Whether you grew up playing near a stream or enjoy walking alongside them to this day, you have probably seen discarded items more often than you would like. Worse than an eyesore, litter and debris can threaten aquatic life and contribute to flooding.
To keep these valued waterways clean, The City of Raleigh has an Adopt a Stream program that welcomes the community to pitch in. On Earth Day 2022, A group of more than a dozen Wooten employees spent the afternoon doing just that in Lions Park.
Raleigh makes it really easy to get involved. They provide the trash bags and gloves, we piled everything up, and the City hauled it away when we were done.
— Thomas Madre, Architectural Designer
The group removed more than 750 pounds of trash from Bridges Branch, which flows into Crabtree Creek. Among the items extracted were three shopping carts, six bicycles, three scooters, several car tires, and large quantities of trash and debris.

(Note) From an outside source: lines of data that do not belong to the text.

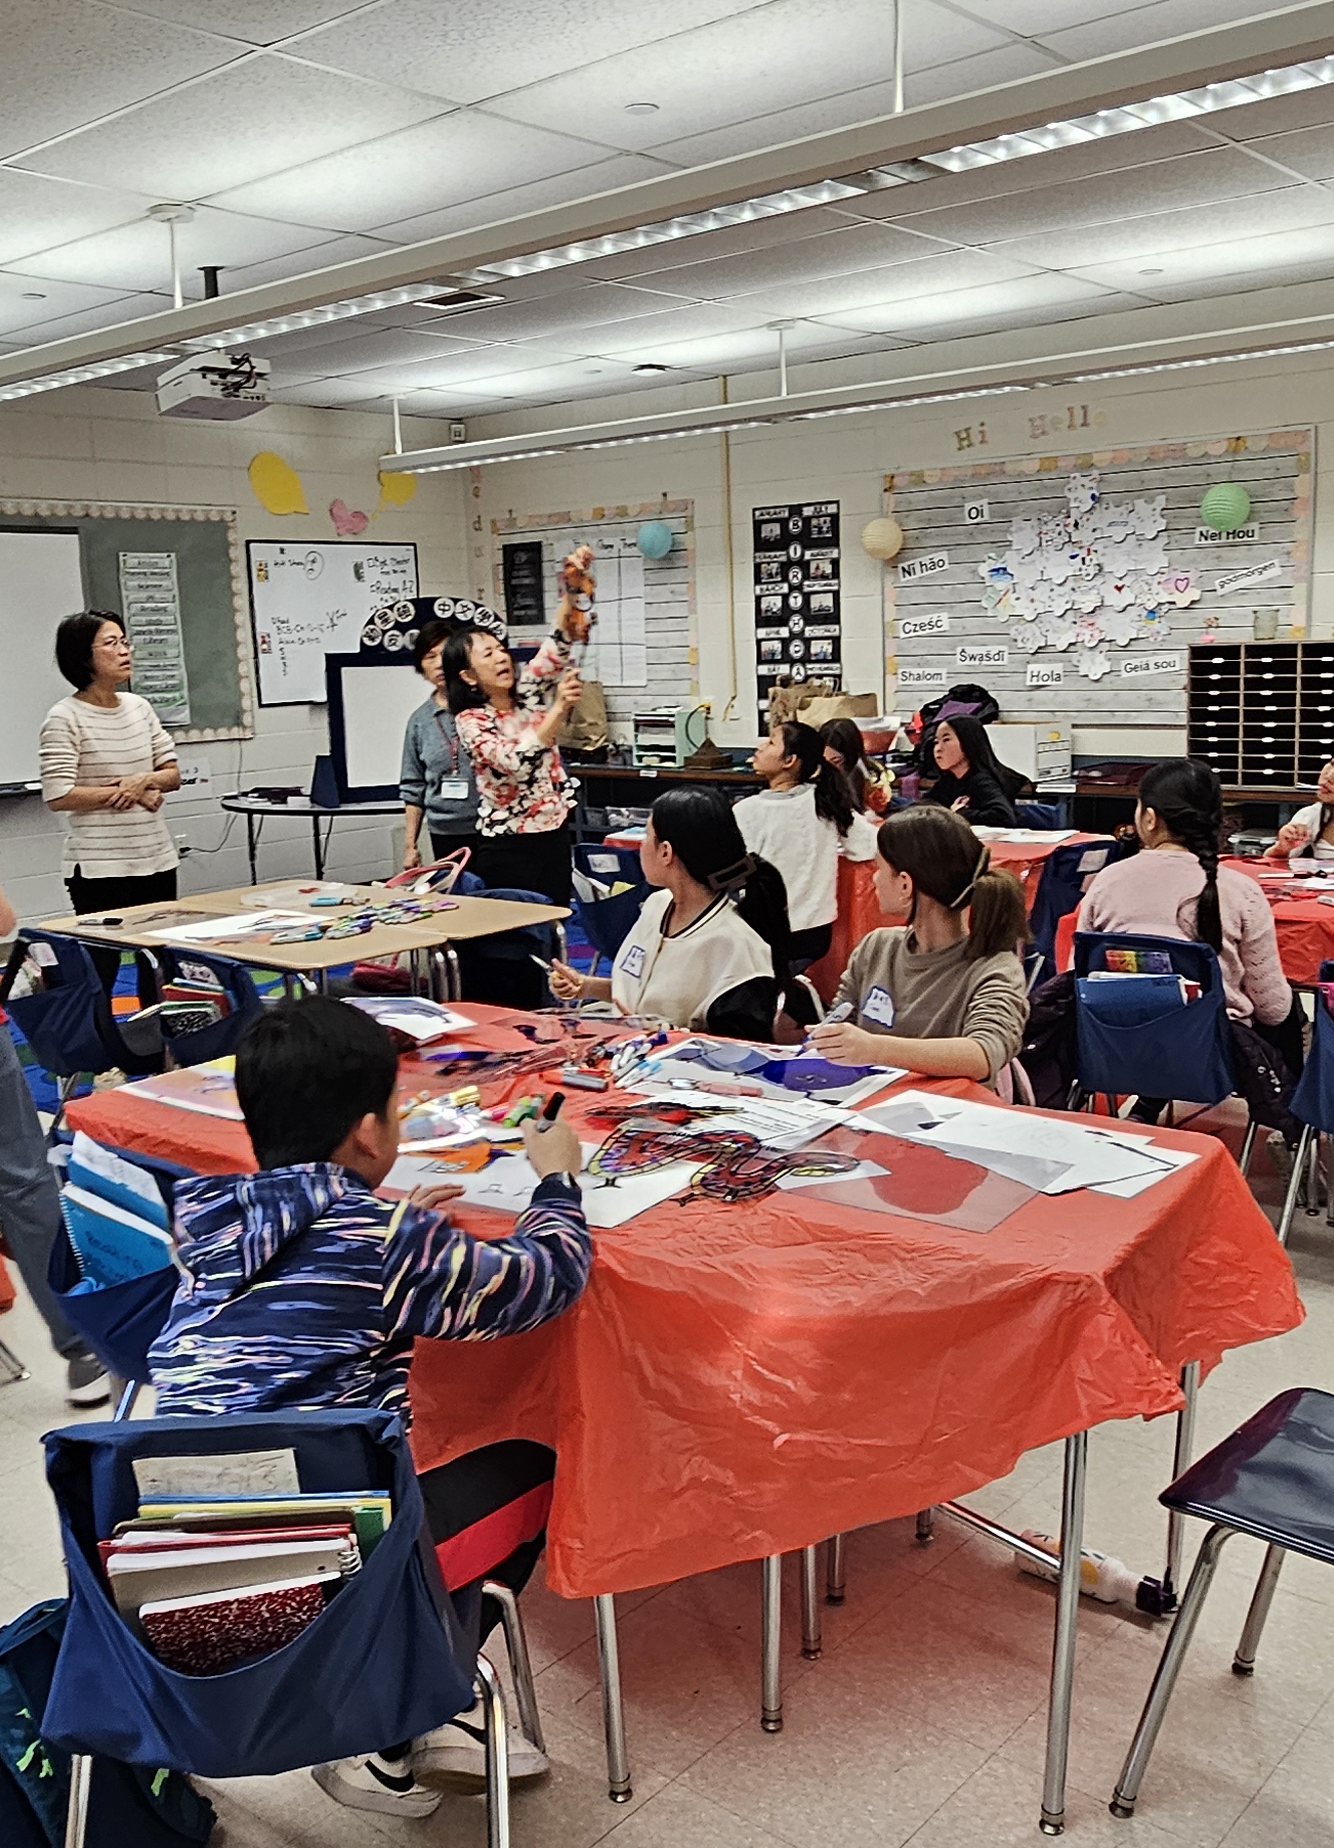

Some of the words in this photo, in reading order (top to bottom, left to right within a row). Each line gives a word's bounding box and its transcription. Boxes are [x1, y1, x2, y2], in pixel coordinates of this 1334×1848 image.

[954, 421, 988, 451] Hi
[1028, 404, 1107, 439] Hello
[968, 505, 985, 520] Oi
[1153, 658, 1177, 669] sou
[900, 670, 943, 682] Shalom
[1029, 670, 1062, 683] Hola
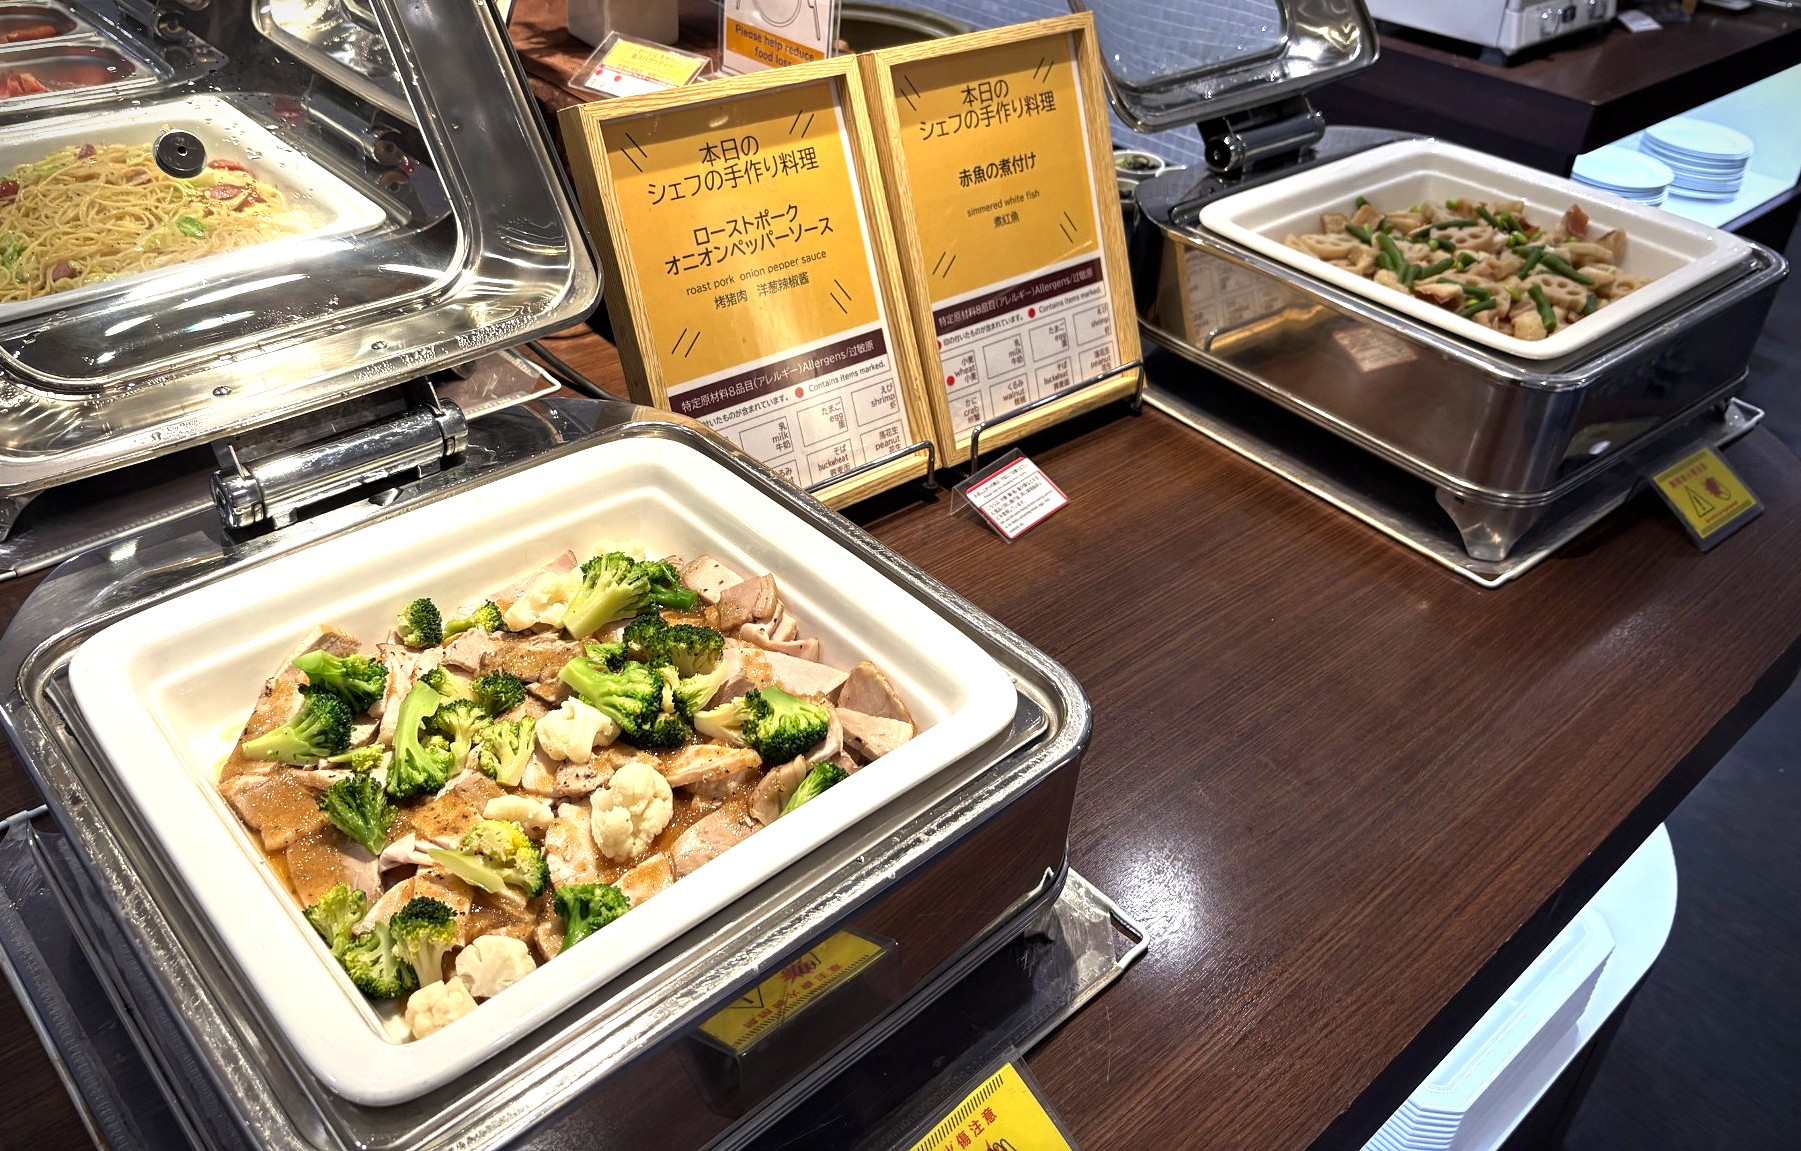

Near the end of our clean-up, a resident of the nearby apartments came out to personally thank us. This made the effort all the more worth it.
— James Pflaum, Project Engineer Assistant
Streams, and the corridors along them, are a natural resource to appreciate for their form and function. They provide a habitat for a complex ecosystem of plants and animals and nearby vegetation helps filter stormwater runoff, improving water quality.
Since 1936, Wooten has partnered with local leaders across the Carolinas to improve community infrastructure. These projects include drinking water, wastewater, and stormwater systems as well as parks, greenways, and other outdoor amenities.